■ Work request
Set down each record below exactly as it stands. Pictures are not part of the copy.

■ Supplied material
-=-=-
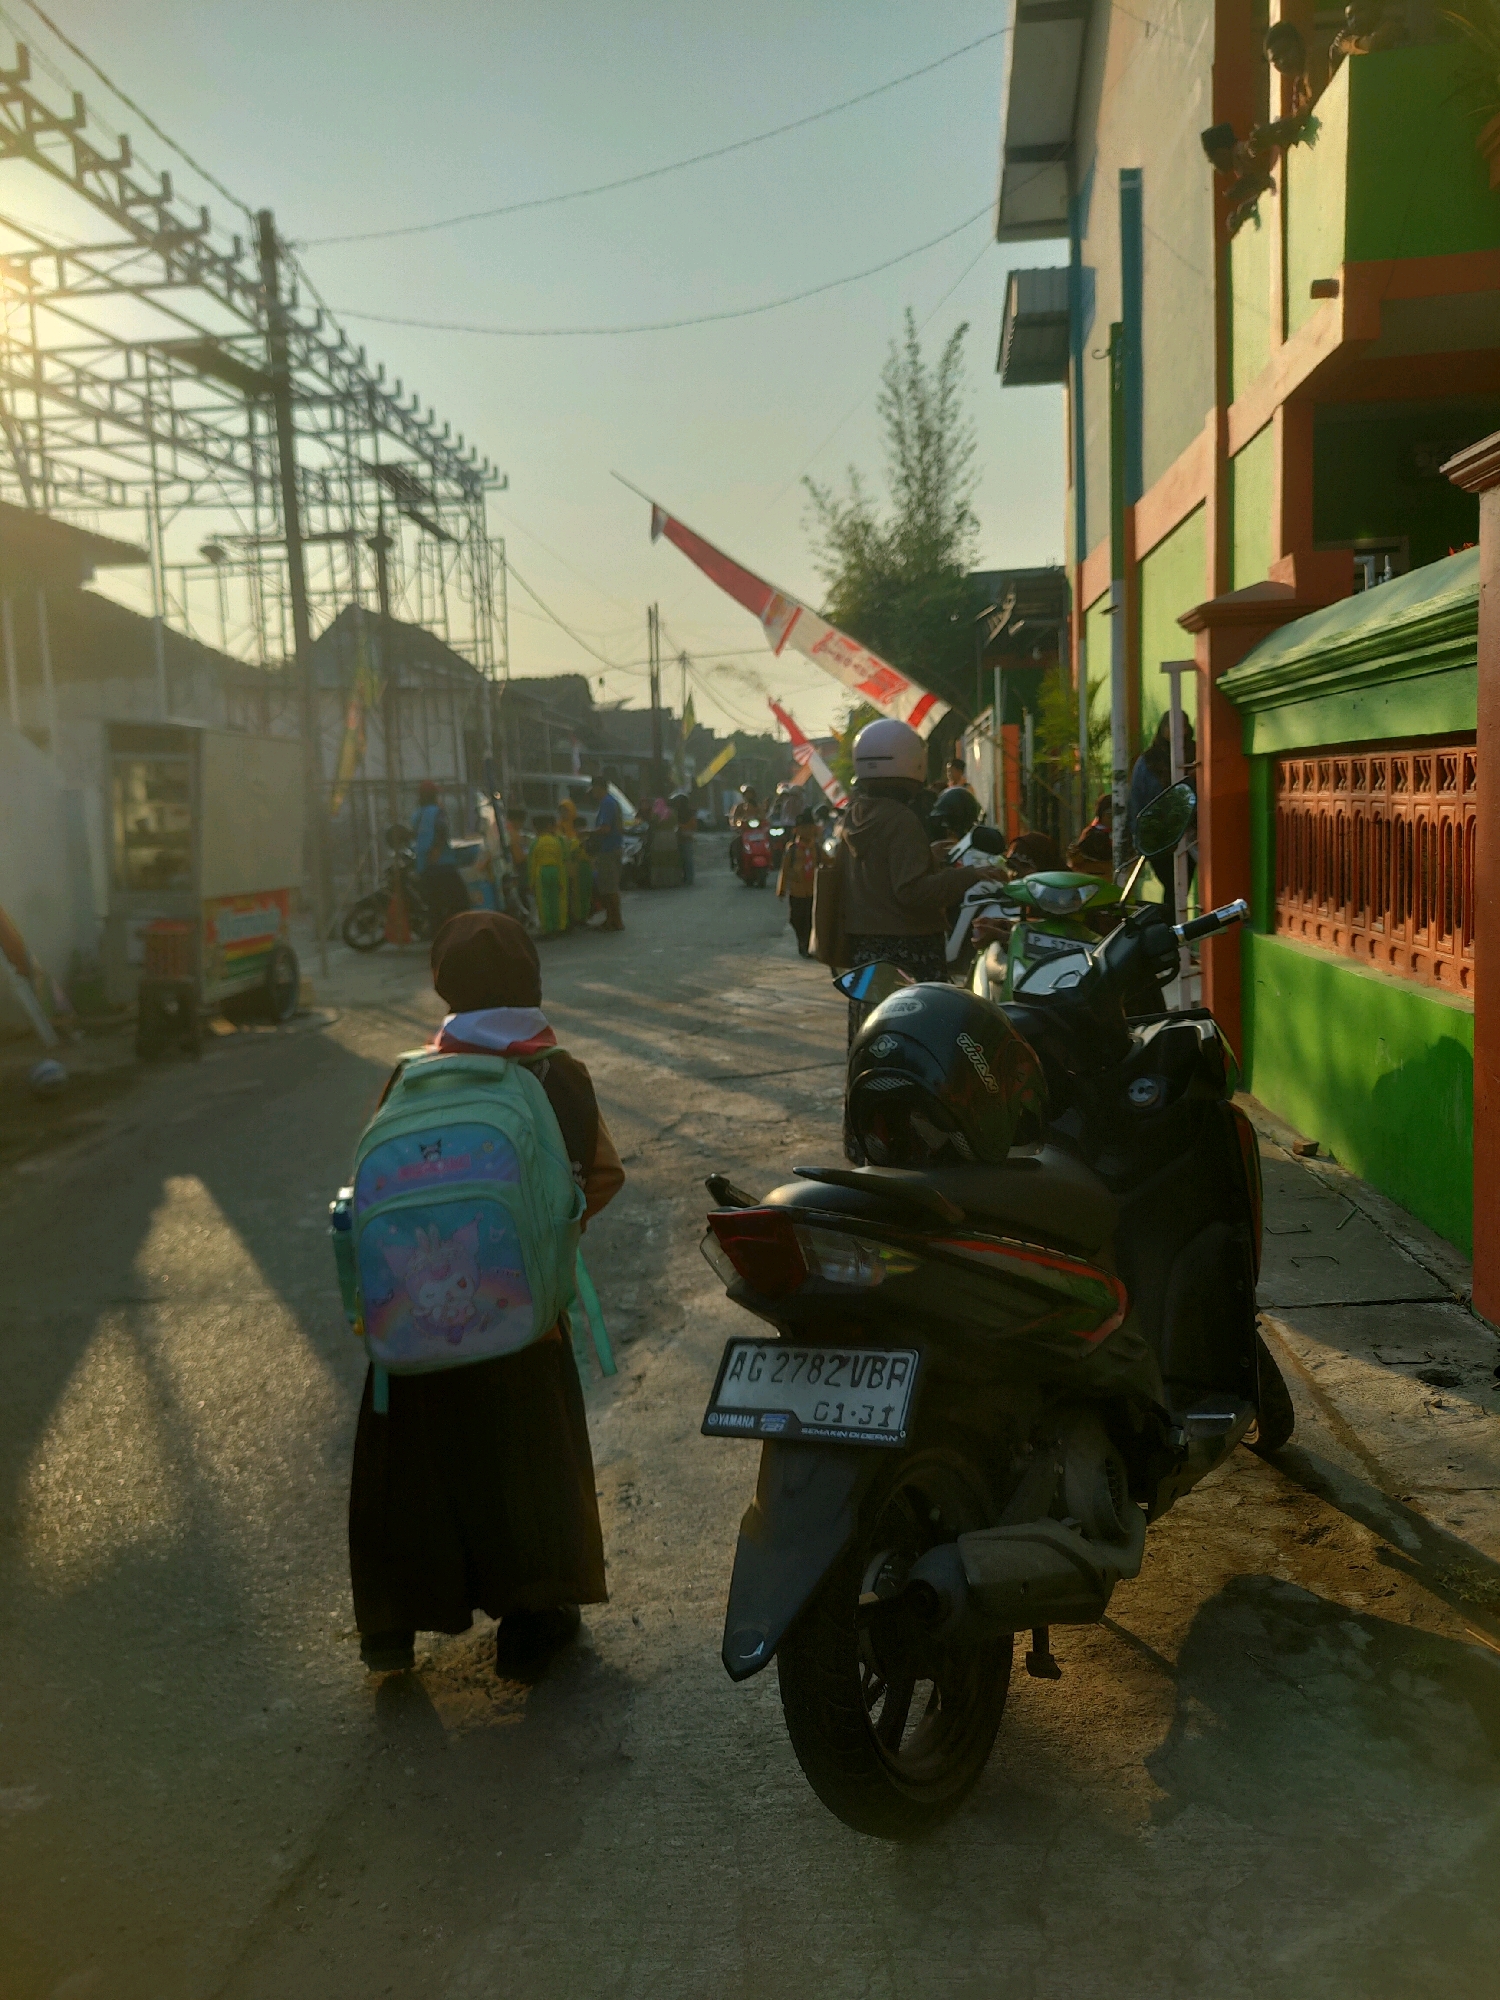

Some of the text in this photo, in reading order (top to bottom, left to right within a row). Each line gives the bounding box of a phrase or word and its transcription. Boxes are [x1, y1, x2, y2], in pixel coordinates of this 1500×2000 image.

[728, 1351, 767, 1382] AG
[771, 1351, 851, 1388] 2782
[718, 1413, 755, 1428] YAMAHA
[801, 1427, 898, 1442] SEMAKIN DI DEPAN
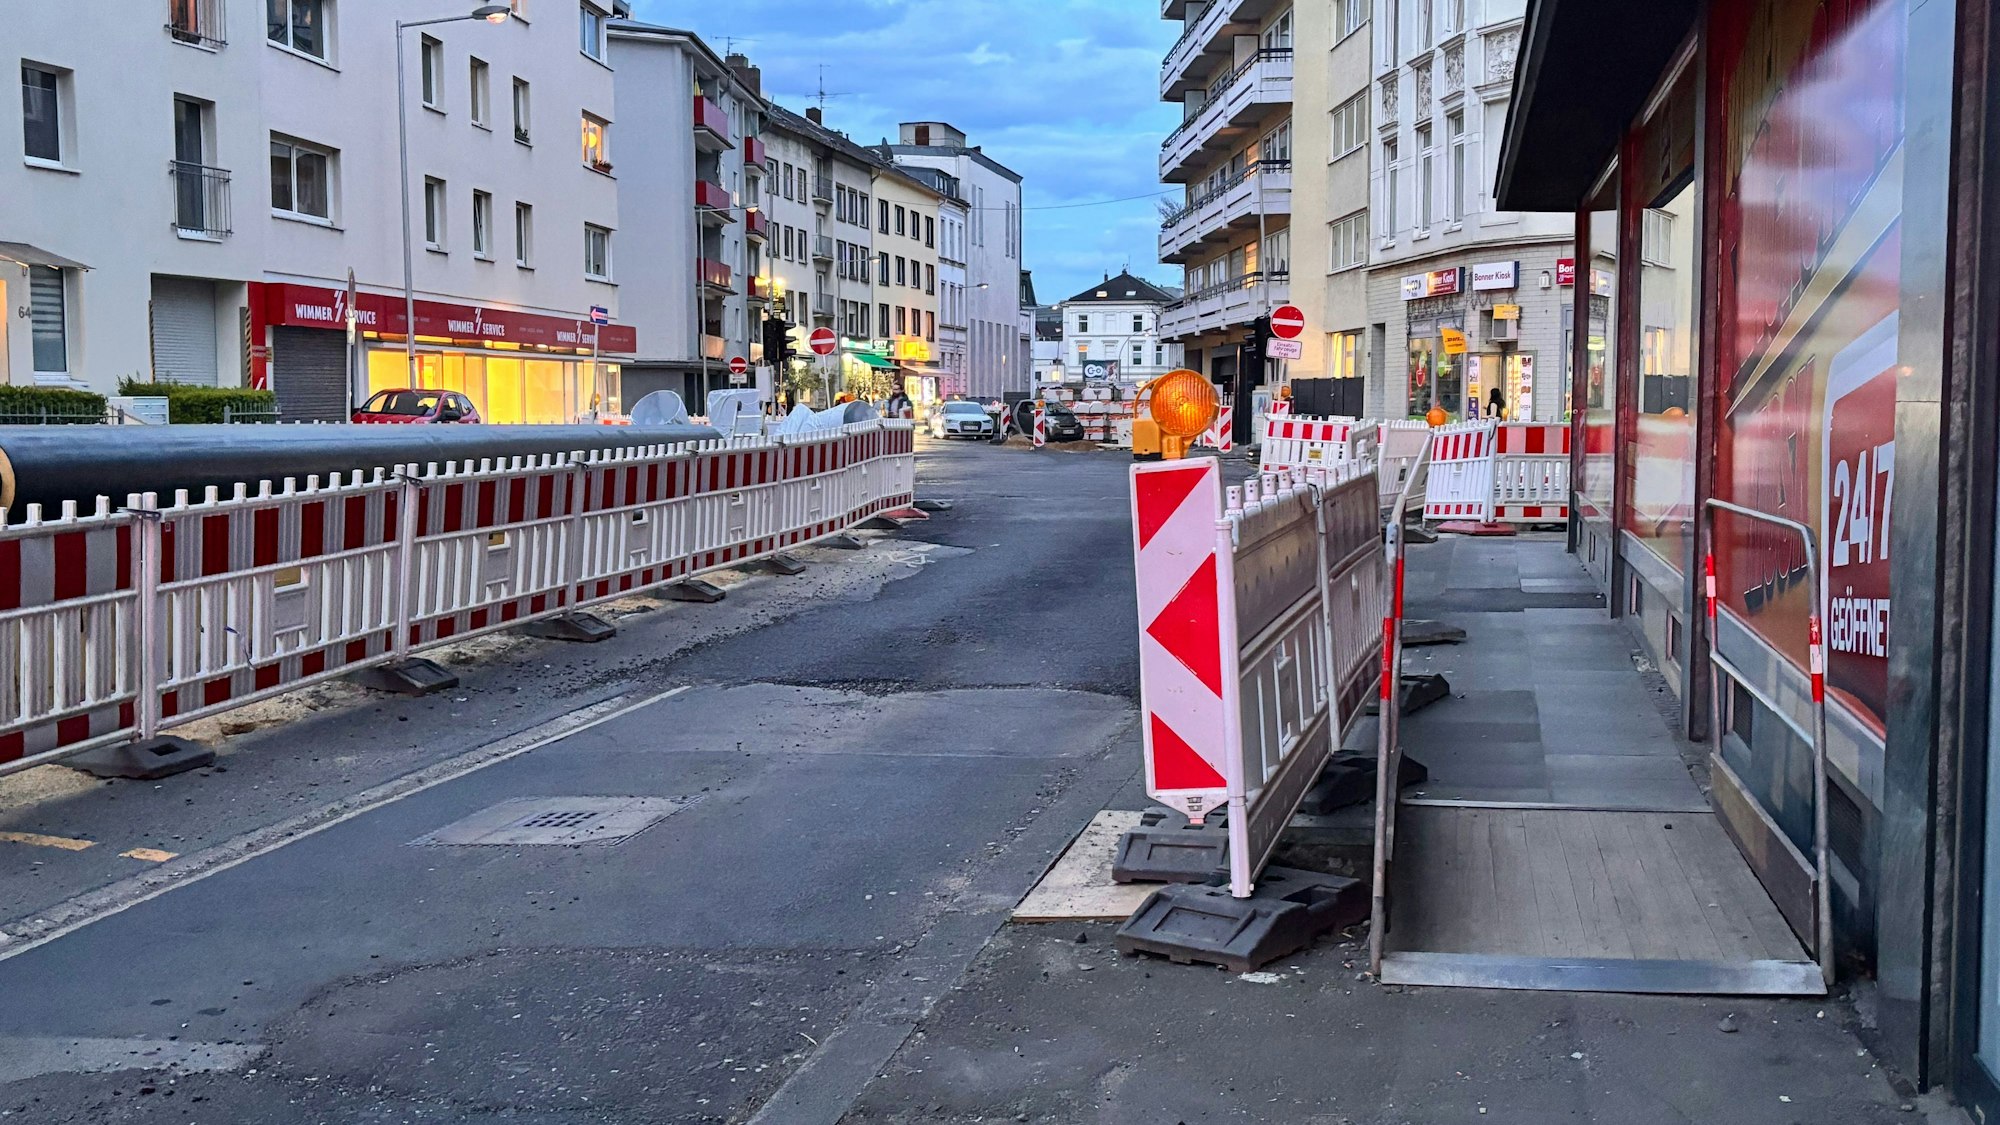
-=-=-
■ Response to this task
Some of the text in this photo, in reading order (top to bottom, left to right within a row). Each line gives the bounding box of a phrase or word and its transcription. Boxes are [x1, y1, x2, y2], in pixel coordinates of this 1500×2000 image.

[728, 1351, 767, 1382] AG
[771, 1351, 851, 1388] 2782
[718, 1413, 755, 1428] YAMAHA
[801, 1427, 898, 1442] SEMAKIN DI DEPAN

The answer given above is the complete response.